Referring expression grounding data
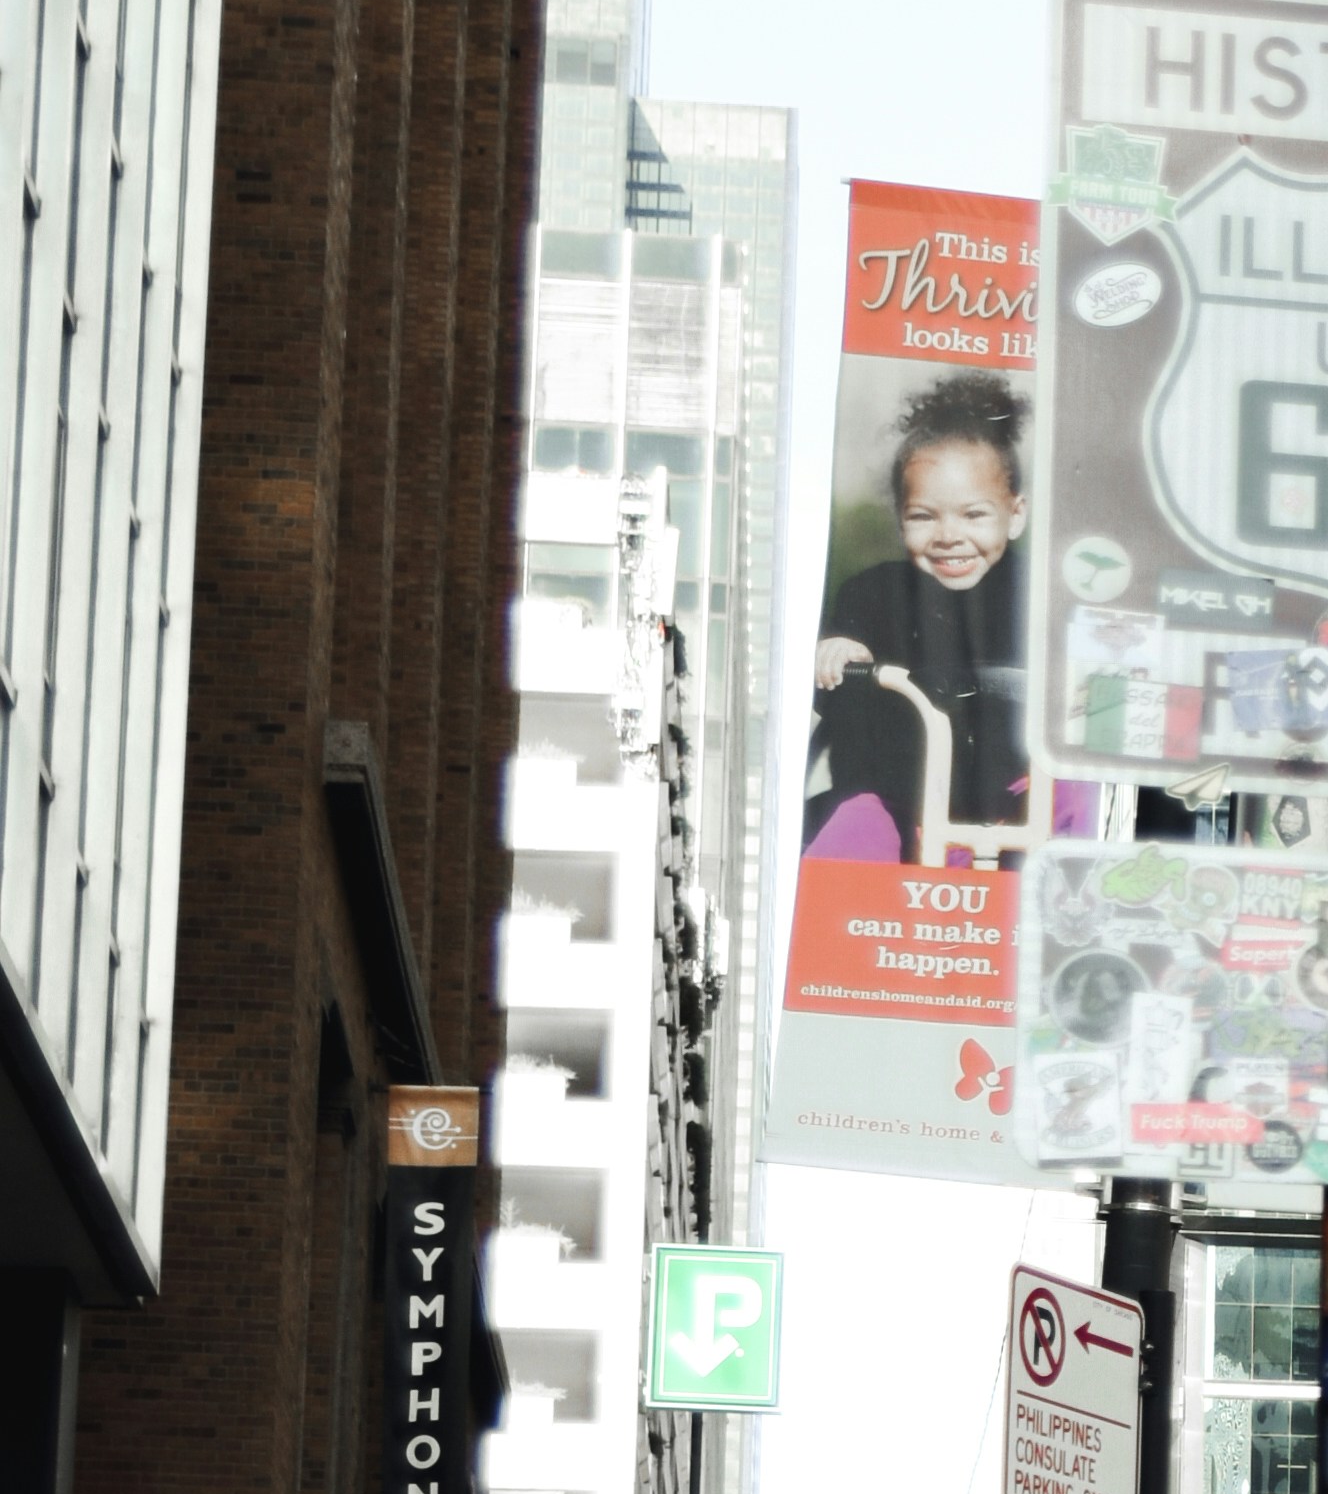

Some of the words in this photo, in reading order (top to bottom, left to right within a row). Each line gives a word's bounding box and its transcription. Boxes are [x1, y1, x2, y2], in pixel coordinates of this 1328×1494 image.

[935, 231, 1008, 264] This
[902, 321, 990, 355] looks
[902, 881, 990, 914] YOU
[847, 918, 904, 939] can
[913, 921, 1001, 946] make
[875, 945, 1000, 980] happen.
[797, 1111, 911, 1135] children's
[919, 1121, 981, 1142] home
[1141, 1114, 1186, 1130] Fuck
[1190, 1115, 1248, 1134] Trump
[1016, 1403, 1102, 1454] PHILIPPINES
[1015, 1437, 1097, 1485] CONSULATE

* _Exercise details_
Your copy should match the records above word for word, but without images.

* _Output of the task_
Some of the words in this photo, in reading order (top to bottom, left to right within a row). Each line gives a word's bounding box and its transcription. Boxes are [x1, y1, x2, y2], in pixel coordinates of this 1328×1494 image.

[935, 231, 1008, 264] This
[902, 321, 990, 355] looks
[902, 881, 990, 914] YOU
[847, 918, 904, 939] can
[913, 921, 1001, 946] make
[875, 945, 1000, 980] happen.
[797, 1111, 911, 1135] children's
[919, 1121, 981, 1142] home
[1141, 1114, 1186, 1130] Fuck
[1190, 1115, 1248, 1134] Trump
[1016, 1403, 1102, 1454] PHILIPPINES
[1015, 1437, 1097, 1485] CONSULATE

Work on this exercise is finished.